Here are two illustrations from the DTI guidelines:

  • “A firm's project involves finding a new active ingredient for weed-killer (an advance in overall knowledge or capability in the particular field of science or technology….), and developing a formula incorporating the new active ingredient for use in a commercial product…. Both of these would constitute an advance in science or technology.
  • A company is seeking to make a water-breathable fabric for use in hiking gear. A test fabric with the required physical characteristics is produced through R&D. This new fabric is then produced in small quantities (not R&D) and market tested with a number of trial users. The user tests are not R&D, because they are concerned with testing the commercial potential of the new material and assessing its appeal to users”

Qualifying costs are:

  • employing staff directly and actively engaged in carrying out R&D, or paying a staff provider for staff provided to the company who are directly and actively engaged in carrying out R&D
  • consumable or transformable materials used directly in carrying out R&D (broadly, physical materials which are consumed in the R&D)
  • power, water, fuel and computer software used directly in carrying out R&D

“Notified State Aid” needs to be taken into account, but grants such as micro-enterprise awards are not always classed as notified state aid. The grant provider should be able to tell you the status.
A claim needs careful preparation and is subject to scrutiny and agreement by specialist HM Revenue & Customs teams, though the process is not as stringent as that in the US or Canada. Over 6,000 claims were received by HM Revenue & Customs in the year to April 2005.  You can go back six years to make a claim.
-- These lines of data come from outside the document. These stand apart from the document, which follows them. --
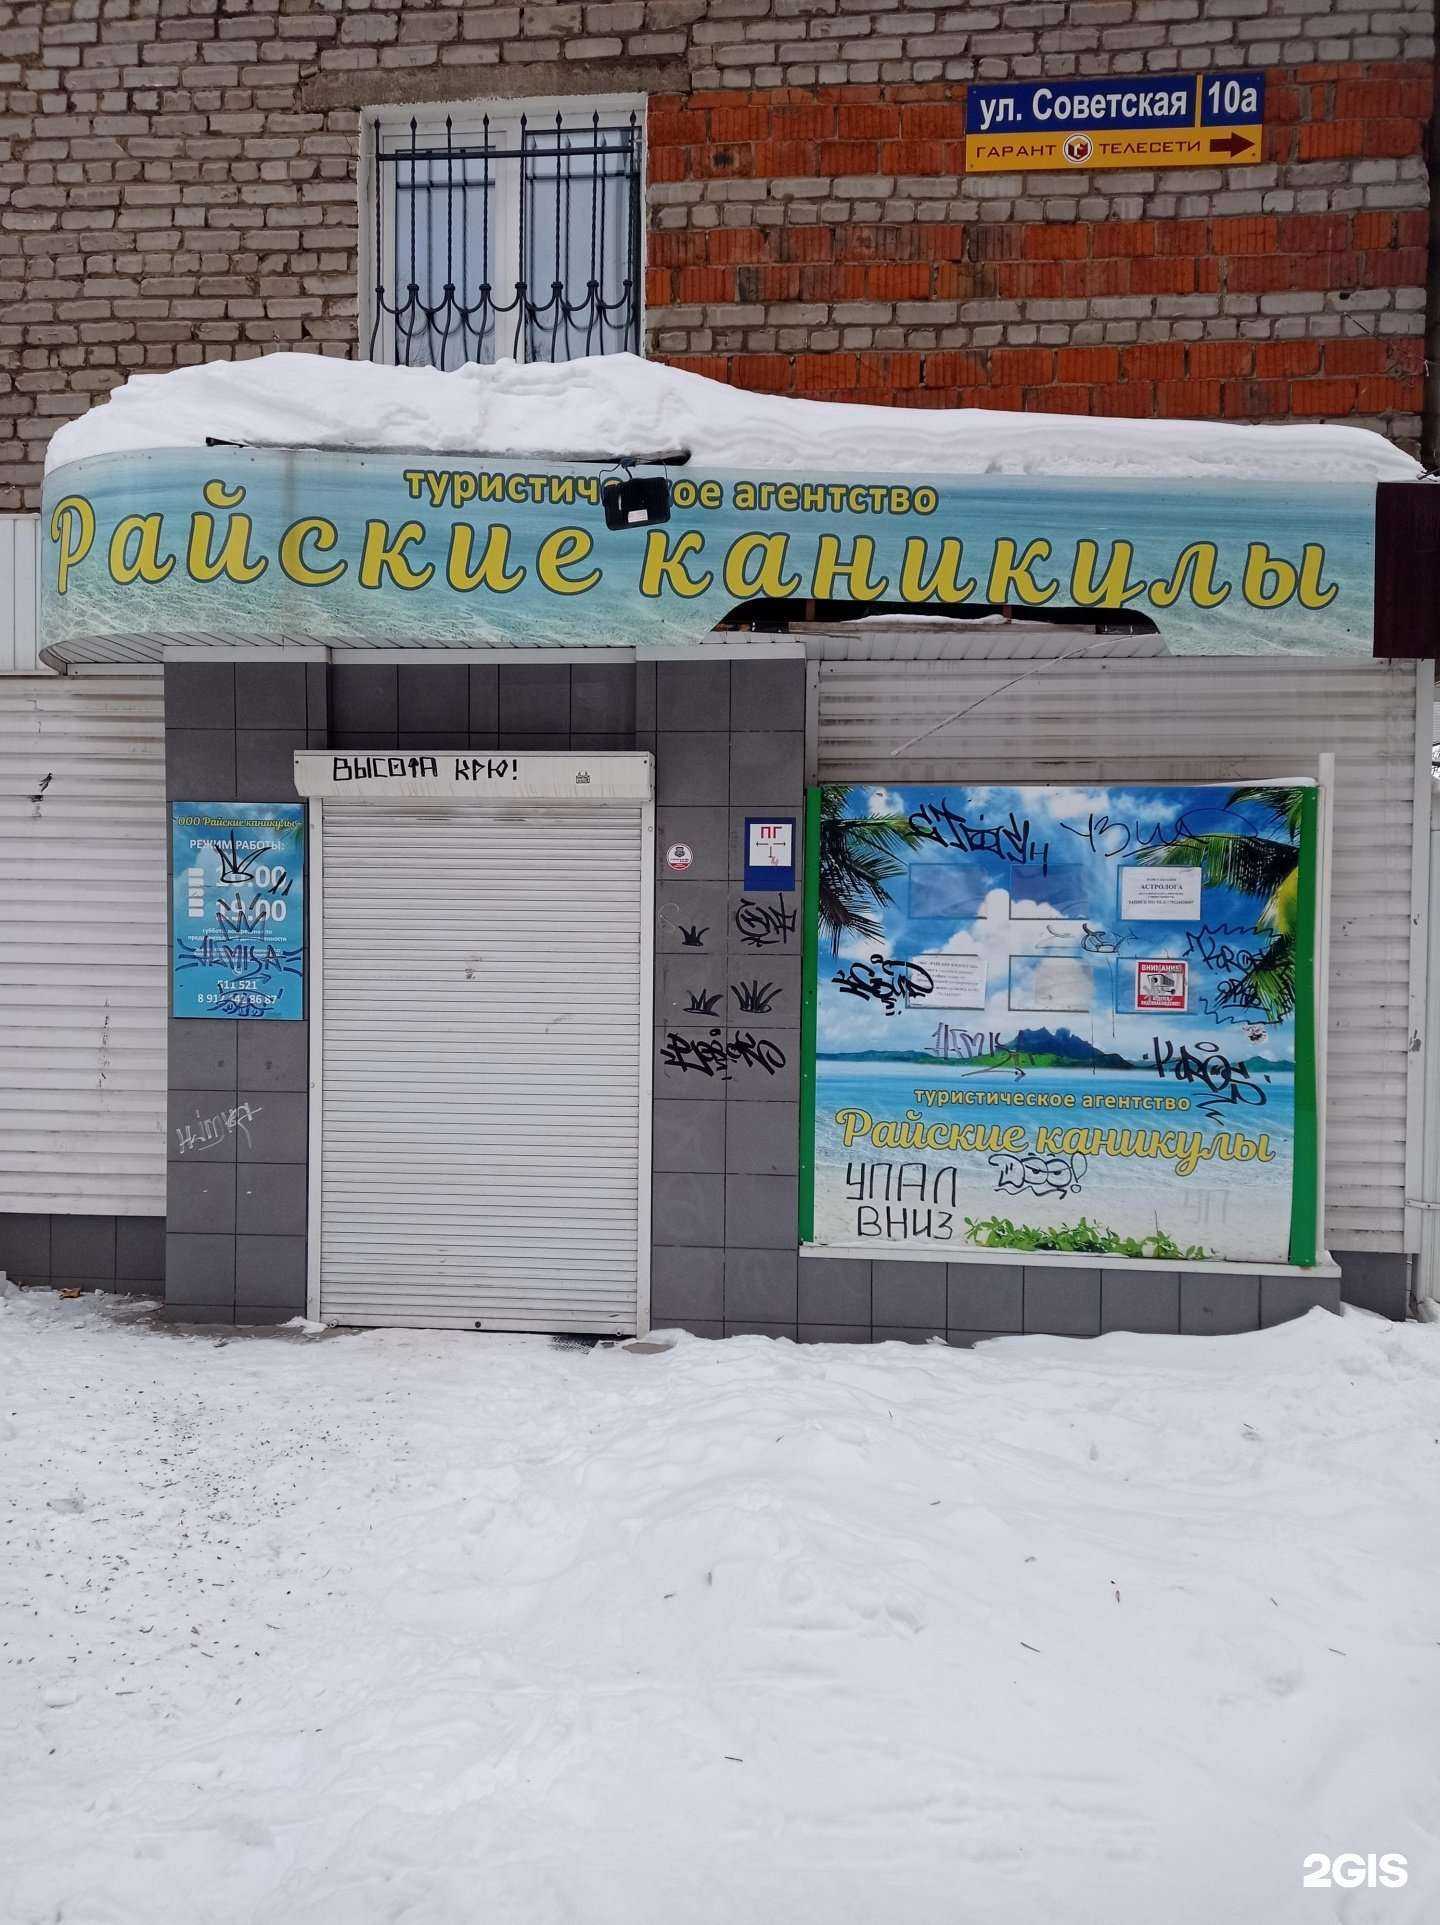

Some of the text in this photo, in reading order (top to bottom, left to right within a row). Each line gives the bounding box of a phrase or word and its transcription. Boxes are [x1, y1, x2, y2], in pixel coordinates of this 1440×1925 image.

[980, 80, 1257, 130] ул. Советская 10а
[976, 144, 1057, 158] ГАРАНТ
[1098, 140, 1201, 155] ТЕЛЕСЕТИ
[403, 468, 938, 515] туристичое агентство
[49, 478, 1341, 611] Райские каникулы
[189, 839, 233, 849] РЕЖИМ
[761, 826, 782, 839] ПГ
[239, 980, 257, 990] 521
[913, 1087, 1191, 1112] туристическое агентство
[834, 1107, 1276, 1177] Райские каникулы
[846, 1161, 957, 1207] УПАЛ
[858, 1205, 954, 1240] ВНИЗ
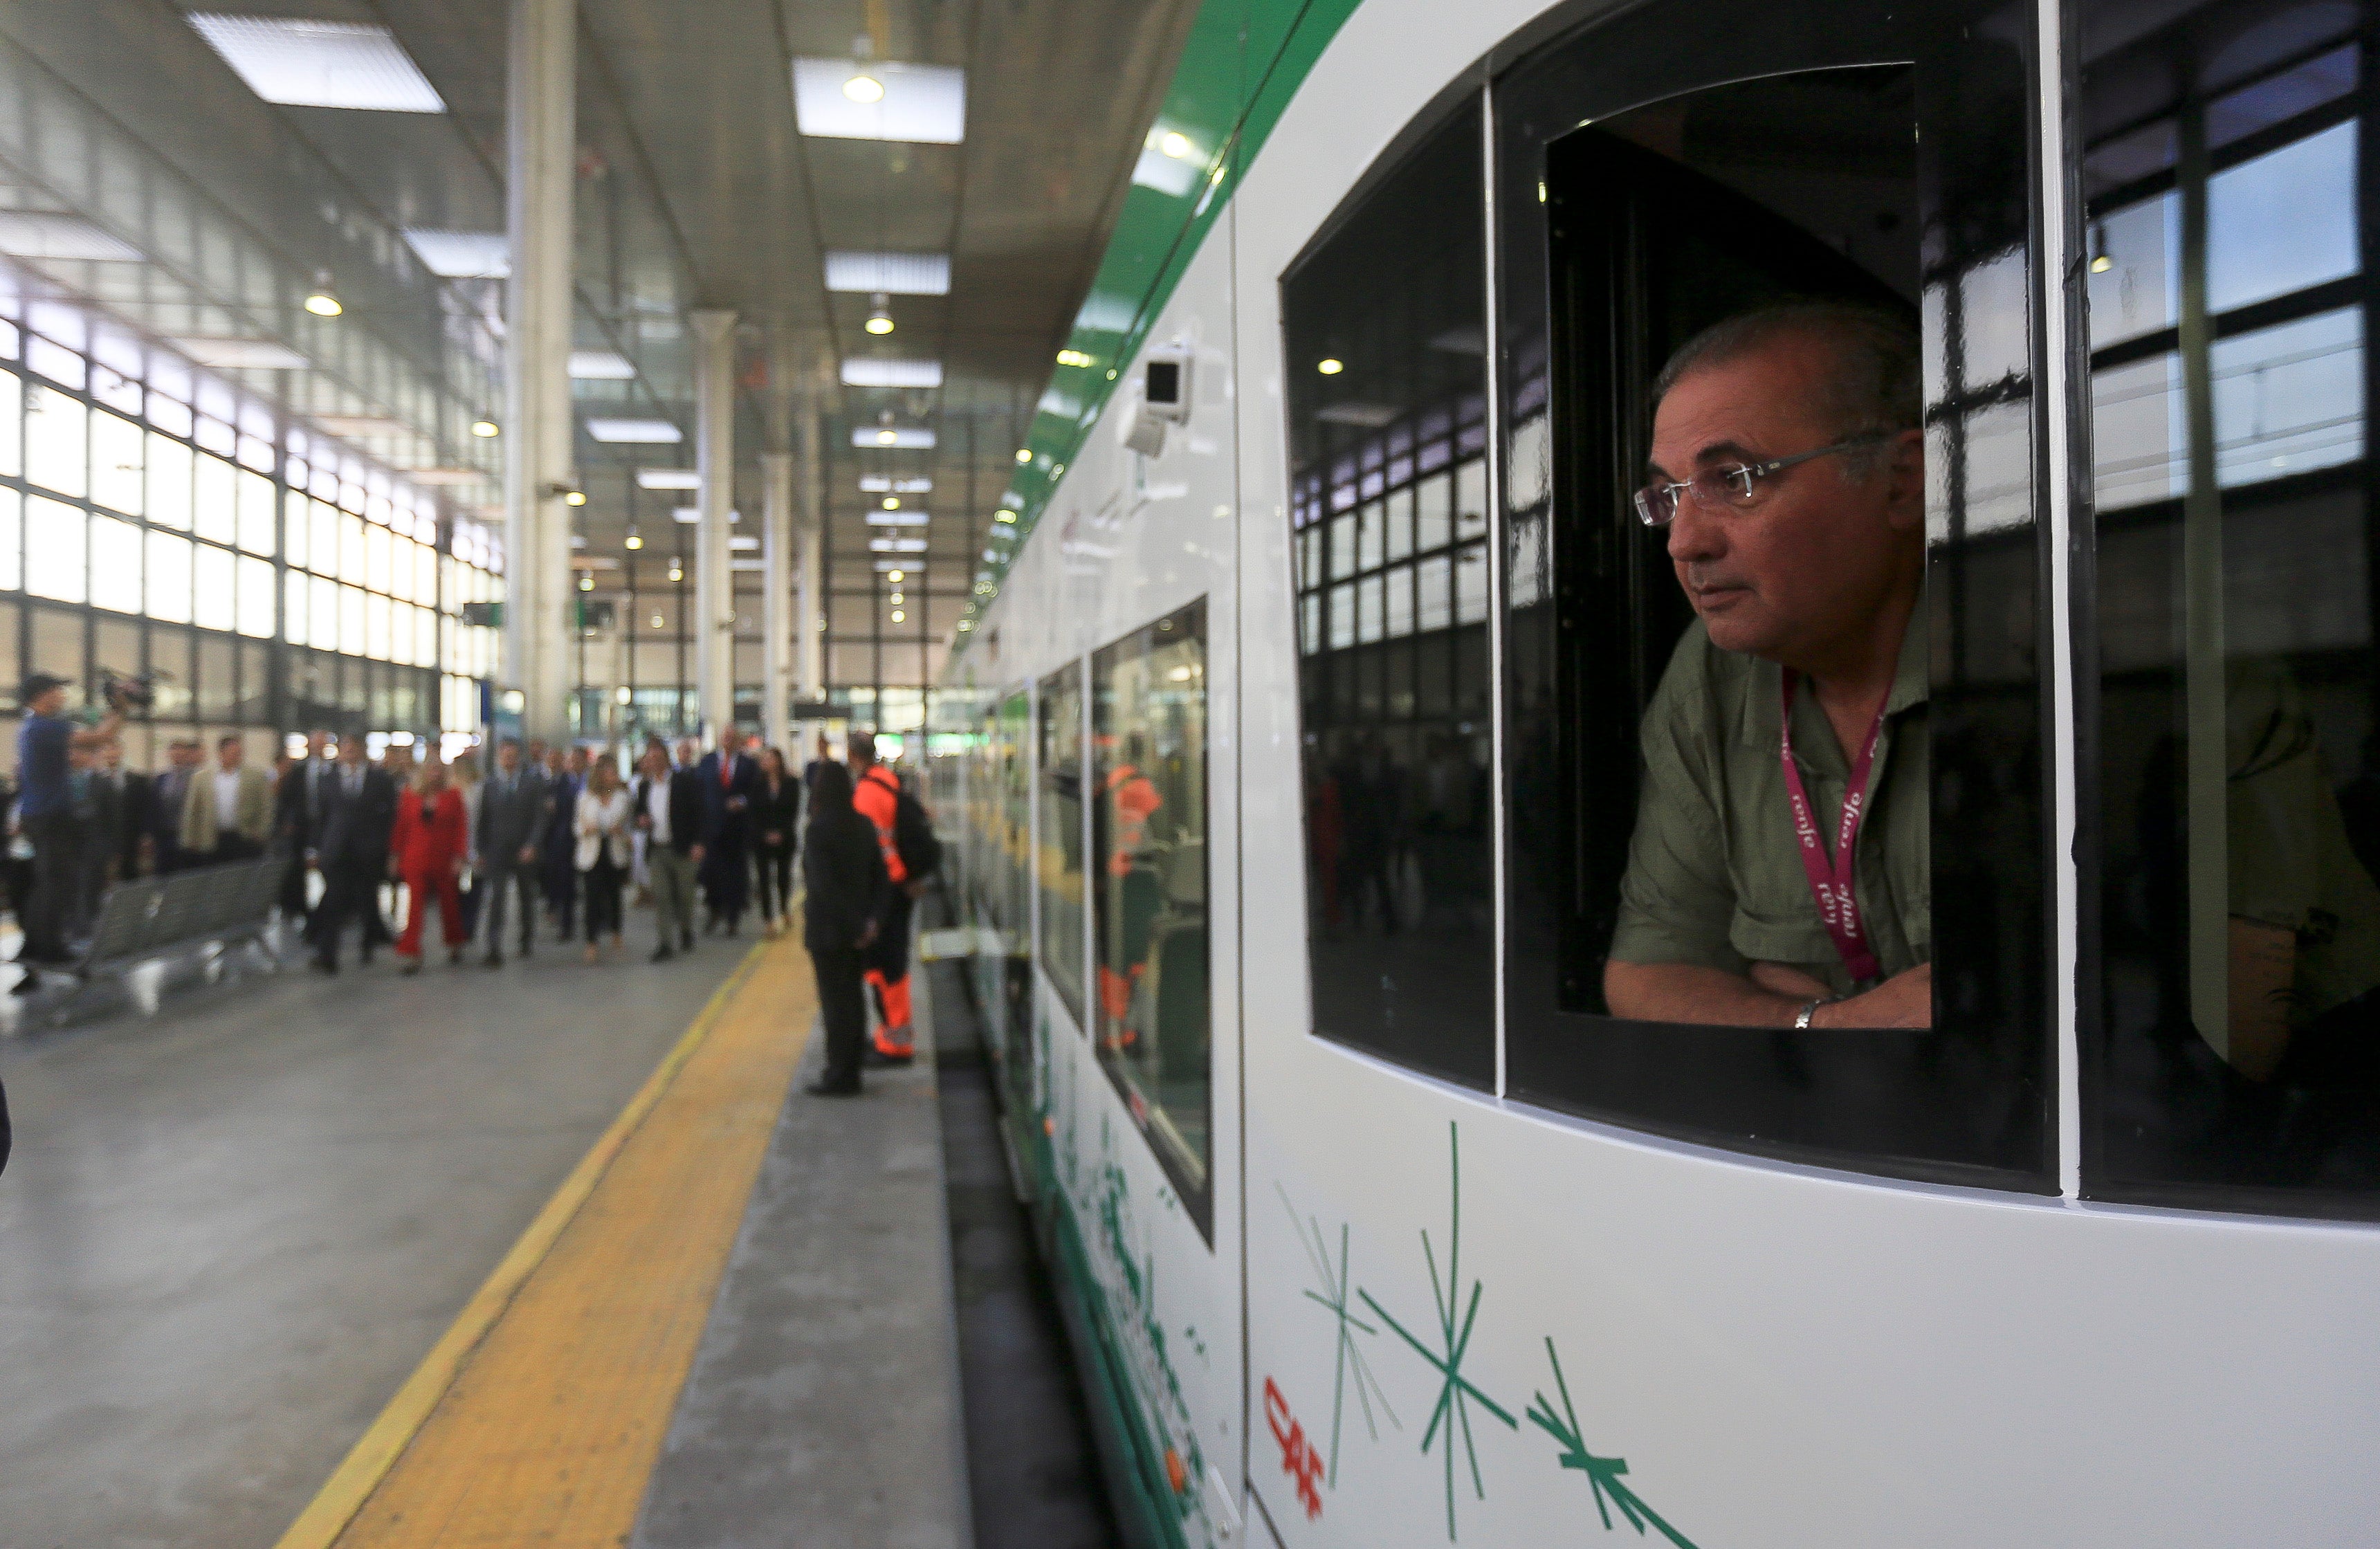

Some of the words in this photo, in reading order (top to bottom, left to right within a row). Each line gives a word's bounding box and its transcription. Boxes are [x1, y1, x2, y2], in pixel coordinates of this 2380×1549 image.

[1793, 794, 1816, 847] renfe
[1841, 793, 1862, 848] renfe
[1836, 883, 1857, 937] renfe
[1263, 1375, 1325, 1521] CAF
In our most recent claim for a client who is developing a programmable Smart Card, the research was part-funded by grant income and relief had to be claimed under both the small and large company schemes – enabling our client to receive a much-needed refund from HM Revenue & Customs on one segment, and also enabling additional losses to be claimed to carry forward against future profits.

In addition to the enhanced reliefs above, 100% capital allowances are available on qualifying R&D capital costs, regardless of whether the expenditure is taken as a deduction in your profit and loss account or capitalised.

Please contact Nevil Pearce, partner, or Rob Durrant-Walker, tax manager, if you would like further information.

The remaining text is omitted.